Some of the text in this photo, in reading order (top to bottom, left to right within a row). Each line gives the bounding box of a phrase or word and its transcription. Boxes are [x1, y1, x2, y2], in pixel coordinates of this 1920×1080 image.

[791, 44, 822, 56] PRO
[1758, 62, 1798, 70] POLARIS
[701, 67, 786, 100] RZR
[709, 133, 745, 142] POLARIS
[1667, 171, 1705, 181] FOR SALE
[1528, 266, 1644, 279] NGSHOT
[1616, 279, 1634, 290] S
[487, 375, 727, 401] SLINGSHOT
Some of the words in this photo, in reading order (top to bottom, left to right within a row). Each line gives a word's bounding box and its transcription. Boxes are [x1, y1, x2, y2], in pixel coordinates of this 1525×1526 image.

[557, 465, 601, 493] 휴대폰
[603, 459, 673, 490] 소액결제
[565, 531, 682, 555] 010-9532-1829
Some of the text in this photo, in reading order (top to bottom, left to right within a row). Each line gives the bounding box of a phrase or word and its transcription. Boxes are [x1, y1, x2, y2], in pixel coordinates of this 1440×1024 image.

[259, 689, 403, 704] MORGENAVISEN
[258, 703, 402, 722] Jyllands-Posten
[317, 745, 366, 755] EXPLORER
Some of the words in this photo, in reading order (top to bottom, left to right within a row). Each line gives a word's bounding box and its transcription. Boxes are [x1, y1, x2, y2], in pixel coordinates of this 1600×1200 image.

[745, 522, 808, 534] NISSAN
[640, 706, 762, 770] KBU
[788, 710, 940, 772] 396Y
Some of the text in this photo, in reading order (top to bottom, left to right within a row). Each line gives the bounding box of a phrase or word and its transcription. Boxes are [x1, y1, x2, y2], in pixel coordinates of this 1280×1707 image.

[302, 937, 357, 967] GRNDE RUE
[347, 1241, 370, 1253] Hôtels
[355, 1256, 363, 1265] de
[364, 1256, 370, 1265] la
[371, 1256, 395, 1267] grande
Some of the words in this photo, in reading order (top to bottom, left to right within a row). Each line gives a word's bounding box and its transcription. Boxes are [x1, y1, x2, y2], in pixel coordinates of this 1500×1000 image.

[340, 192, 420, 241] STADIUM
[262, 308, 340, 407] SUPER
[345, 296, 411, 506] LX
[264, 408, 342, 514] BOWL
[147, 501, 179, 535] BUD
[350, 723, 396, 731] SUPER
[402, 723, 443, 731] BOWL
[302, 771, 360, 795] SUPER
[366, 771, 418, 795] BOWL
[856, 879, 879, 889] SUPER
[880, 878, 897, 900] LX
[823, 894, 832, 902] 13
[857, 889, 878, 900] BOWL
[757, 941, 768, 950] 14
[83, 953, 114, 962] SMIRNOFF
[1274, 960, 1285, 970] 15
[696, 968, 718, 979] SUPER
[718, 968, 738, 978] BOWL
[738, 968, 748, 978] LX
==========
_Task to complete:_
After reading the listing above, print each line back exactly.

_Expected answer:_
Some of the text in this photo, in reading order (top to bottom, left to right within a row). Each line gives the bounding box of a phrase or word and its transcription. Boxes are [x1, y1, x2, y2], in pixel coordinates of this 1920×1080 image.

[791, 44, 822, 56] PRO
[1758, 62, 1798, 70] POLARIS
[701, 67, 786, 100] RZR
[709, 133, 745, 142] POLARIS
[1667, 171, 1705, 181] FOR SALE
[1528, 266, 1644, 279] NGSHOT
[1616, 279, 1634, 290] S
[487, 375, 727, 401] SLINGSHOT
Some of the words in this photo, in reading order (top to bottom, left to right within a row). Each line gives a word's bounding box and its transcription. Boxes are [x1, y1, x2, y2], in pixel coordinates of this 1525×1526 image.

[557, 465, 601, 493] 휴대폰
[603, 459, 673, 490] 소액결제
[565, 531, 682, 555] 010-9532-1829
Some of the text in this photo, in reading order (top to bottom, left to right within a row). Each line gives the bounding box of a phrase or word and its transcription. Boxes are [x1, y1, x2, y2], in pixel coordinates of this 1440×1024 image.

[259, 689, 403, 704] MORGENAVISEN
[258, 703, 402, 722] Jyllands-Posten
[317, 745, 366, 755] EXPLORER
Some of the words in this photo, in reading order (top to bottom, left to right within a row). Each line gives a word's bounding box and its transcription. Boxes are [x1, y1, x2, y2], in pixel coordinates of this 1600×1200 image.

[745, 522, 808, 534] NISSAN
[640, 706, 762, 770] KBU
[788, 710, 940, 772] 396Y
Some of the text in this photo, in reading order (top to bottom, left to right within a row). Each line gives the bounding box of a phrase or word and its transcription. Boxes are [x1, y1, x2, y2], in pixel coordinates of this 1280×1707 image.

[302, 937, 357, 967] GRNDE RUE
[347, 1241, 370, 1253] Hôtels
[355, 1256, 363, 1265] de
[364, 1256, 370, 1265] la
[371, 1256, 395, 1267] grande
Some of the words in this photo, in reading order (top to bottom, left to right within a row). Each line gives a word's bounding box and its transcription. Boxes are [x1, y1, x2, y2], in pixel coordinates of this 1500×1000 image.

[340, 192, 420, 241] STADIUM
[262, 308, 340, 407] SUPER
[345, 296, 411, 506] LX
[264, 408, 342, 514] BOWL
[147, 501, 179, 535] BUD
[350, 723, 396, 731] SUPER
[402, 723, 443, 731] BOWL
[302, 771, 360, 795] SUPER
[366, 771, 418, 795] BOWL
[856, 879, 879, 889] SUPER
[880, 878, 897, 900] LX
[823, 894, 832, 902] 13
[857, 889, 878, 900] BOWL
[757, 941, 768, 950] 14
[83, 953, 114, 962] SMIRNOFF
[1274, 960, 1285, 970] 15
[696, 968, 718, 979] SUPER
[718, 968, 738, 978] BOWL
[738, 968, 748, 978] LX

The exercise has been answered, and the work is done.